Sentenza 05 dicembre 2001, n.3793

Nell’ipotesi di nascita per fecondazione naturale, la paternità viene
attribuita come conseguenza giuridica del concepimento; risulta
pertanto decisivo esclusivamente l’elemento biologico, senza che
nessuna rilevanza possa essere attribuita alla non volontà del
presunto padre. Una diversa interpretazione si porrebbe, infatti, in
contrasto con l’art. 30 della Costituzione, il quale risulta fondato
sul principio della responsabilità, che necessariamente accompagna
ogni comportamento potenzialmente procreativo. Inoltre, in relazione
all’art. 269 c.c., che attribuisce la paternità naturale in base al
mero dato biologico, senza alcun riguardo alla volontà contraria alla
procreazione del presunto padre, è manifestamente infondata la
questione di legittimità costituzionale, sollevata in riferimento
all’art. 3 Cost., in ragione della disparità di trattamento che ne
risulterebbe in danno dell’uomo rispetto alla donna (alla quale la
legge 22 maggio 1978 n. 194 attribuisce la responsabilità esclusiva
di interrompere la gravidanza ove ne ricorrano le condizioni
giustificative). Ciò in quanto le situazioni poste a confronto non
sono comparabili: l’interesse della donna alla interruzione della
gravidanza non può infatti essere assimilato all’interesse di chi,
rispetto alla avvenuta nascita del figlio fuori del matrimonio,
pretenda di sottrarsi, negando la propria volontà diretta alla
procreazione, alla responsabilità di genitore, in contrasto con la
tutela che la Costituzione, all’art. 30, riconosce alla filiazione
naturale.

Sentenza 15 marzo 2002, n.3793

Nell’ipotesi di nascita per fecondazione naturale, la paternità è
attribuita come conseguenza giuridica del concepimento, sicchè è
esclusivamente decisivo l’elemento biologico e, non occorrendo anche
una cosciente volontà di procreare, nessuna rilevanza può
attribuirsi al «disvolere» del presunto padre, una diversa
interpretazione ponendosi in contrasto con l’art. 30 della
Costituzione, fondato sul principio della responsabilità che
necessariamente accompagna ogni comportamento potenzialmente
procreativo. In relazione all’art. 269 c.c., che attribuisce la
paternità naturale in base al mero dato biologico, senza alcun
riguardo alla volontà contraria alla procreazione del presunto padre,
è manifestamente infondata la questione di legittimità
costituzionale sollevata in riferimento all’art. 3 cost., in ragione
della disparità di trattamento che ne risulterebbe in danno
dell’uomo rispetto alla donna, alla quale la legge 22 maggio 1978 n.

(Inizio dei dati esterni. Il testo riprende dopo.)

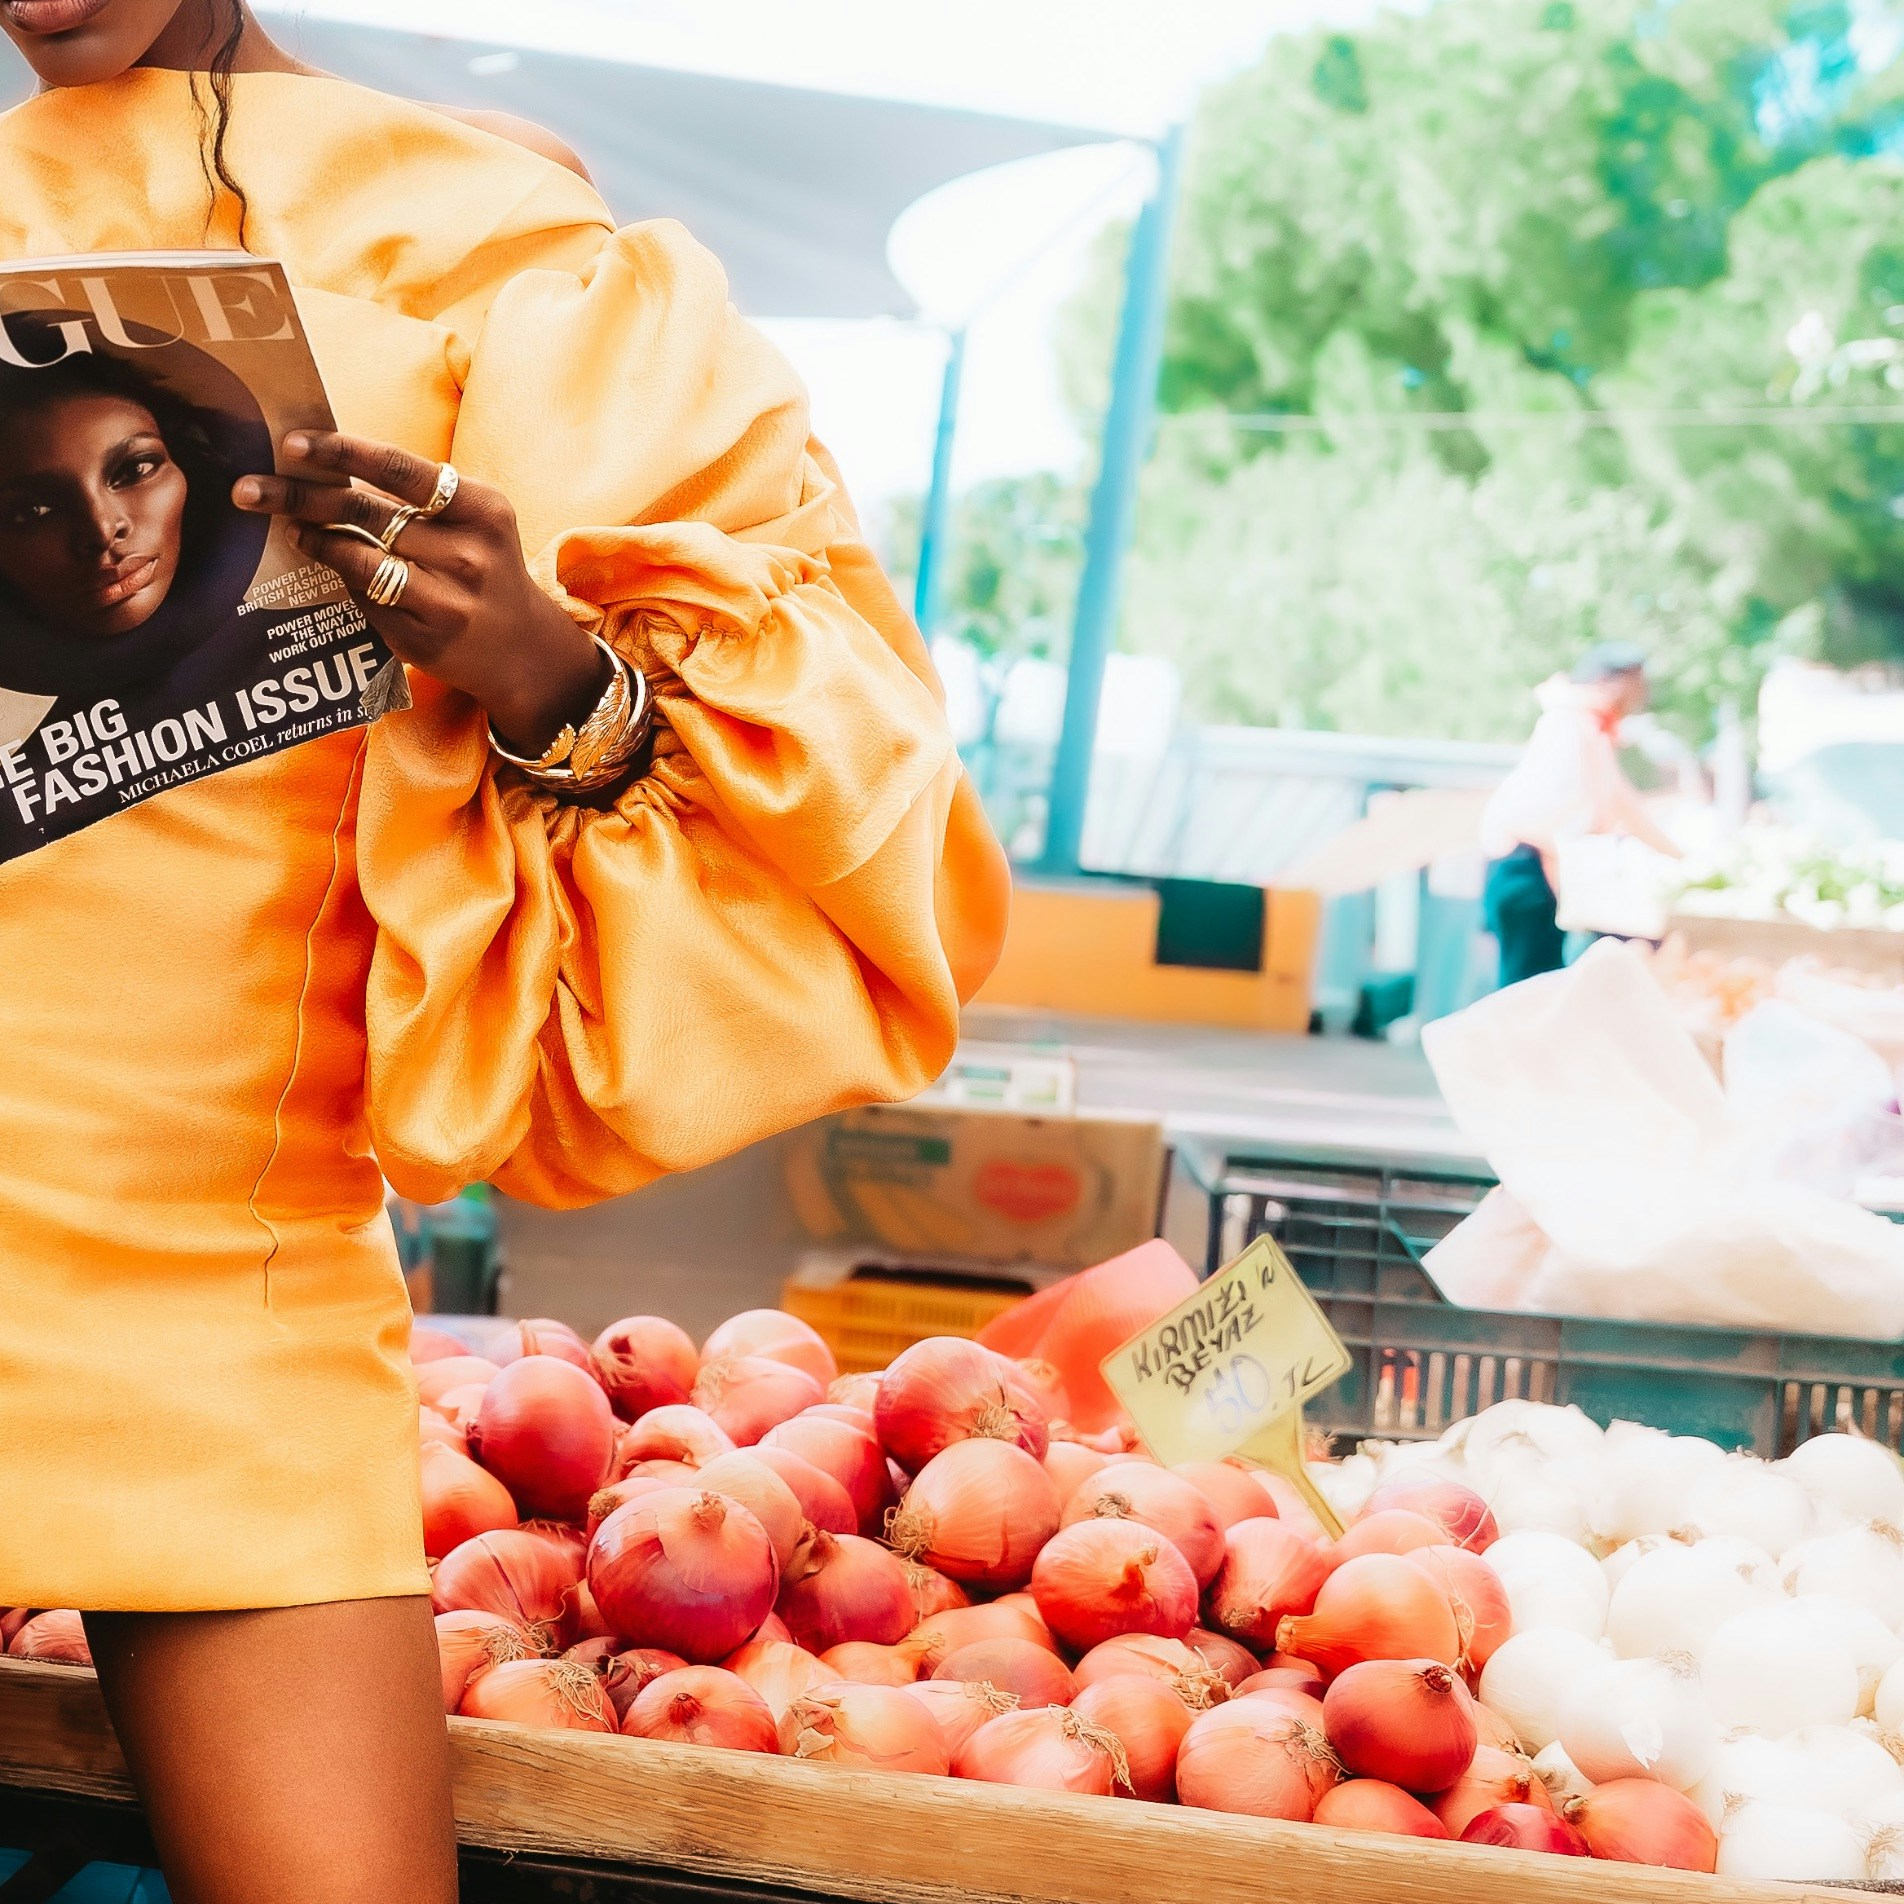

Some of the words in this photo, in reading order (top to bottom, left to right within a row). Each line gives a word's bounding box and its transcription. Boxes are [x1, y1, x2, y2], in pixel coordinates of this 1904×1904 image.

[252, 571, 297, 598] POWER
[299, 561, 330, 581] PLA
[288, 588, 319, 607] NEW
[237, 588, 286, 616] BRITISH
[267, 614, 312, 639] POWER
[314, 598, 357, 622] MOVES
[269, 641, 308, 664] WORK
[310, 631, 334, 648] OUT
[337, 618, 367, 639] NOW
[291, 626, 315, 642] THE
[316, 616, 344, 633] WAY
[11, 701, 229, 825] FASHION
[235, 642, 380, 731] ISSUE
[39, 698, 128, 764] BIG
[119, 755, 221, 804] MICHAELA
[222, 734, 274, 767] COEL
[277, 714, 333, 744] returns
[336, 707, 353, 724] in
[1165, 1303, 1265, 1395] BEYAZ

194 attribuisce la responsabilità esclusiva di interrompere la
gravidanza ove ne ricorrano le condizioni giustificative, e ciò in
quanto le situazioni poste a confronto non sono comparabili,
l’interesse della donna all’interruzione della gravidanza non
potendo essere assimilato all’interesse di chi, rispetto alla
avvenuta nascita del figlio fuori del matrimonio, pretenda di
sottrarsi, negando la propria volontà diretta alla procreazione, alla
responsabilità di genitore, in contrasto con la tutela che la
costituzione, all’art. 30, riconosce alla filiazione naturale.

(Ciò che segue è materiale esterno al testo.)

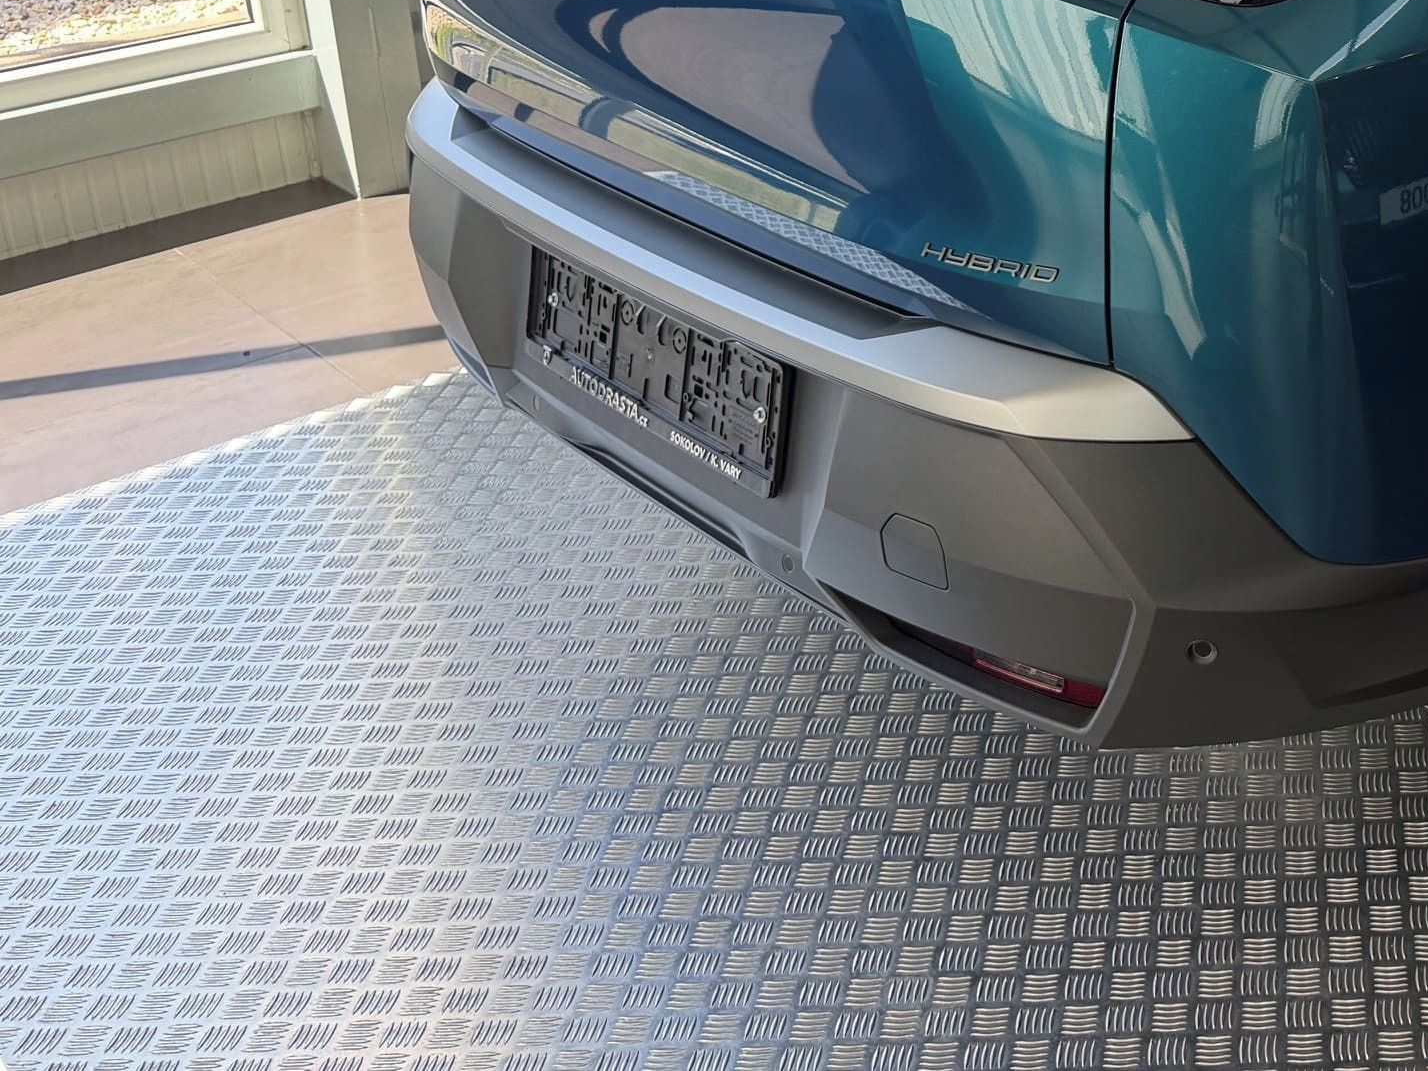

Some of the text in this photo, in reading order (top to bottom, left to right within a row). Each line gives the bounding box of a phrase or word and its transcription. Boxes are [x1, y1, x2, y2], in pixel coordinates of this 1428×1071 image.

[920, 241, 1061, 285] HYBRID
[569, 365, 648, 429] AUTODRASTA.cz
[670, 430, 706, 460] SOKOLOV
[720, 459, 742, 480] VARY

L’interesse del figlio nato fuori del matrimonio all’accertamento
della paternità naturale non è escluso dall’assenza di
«affectio» da parte del presunto padre nè dalla dichiarazione di
costui convenuto con l’azione di dichiarazione giudiziale ex art.
269 c.c., di non voler adempiere in ogni caso ai doveri morali
inerenti alla potestà di genitore.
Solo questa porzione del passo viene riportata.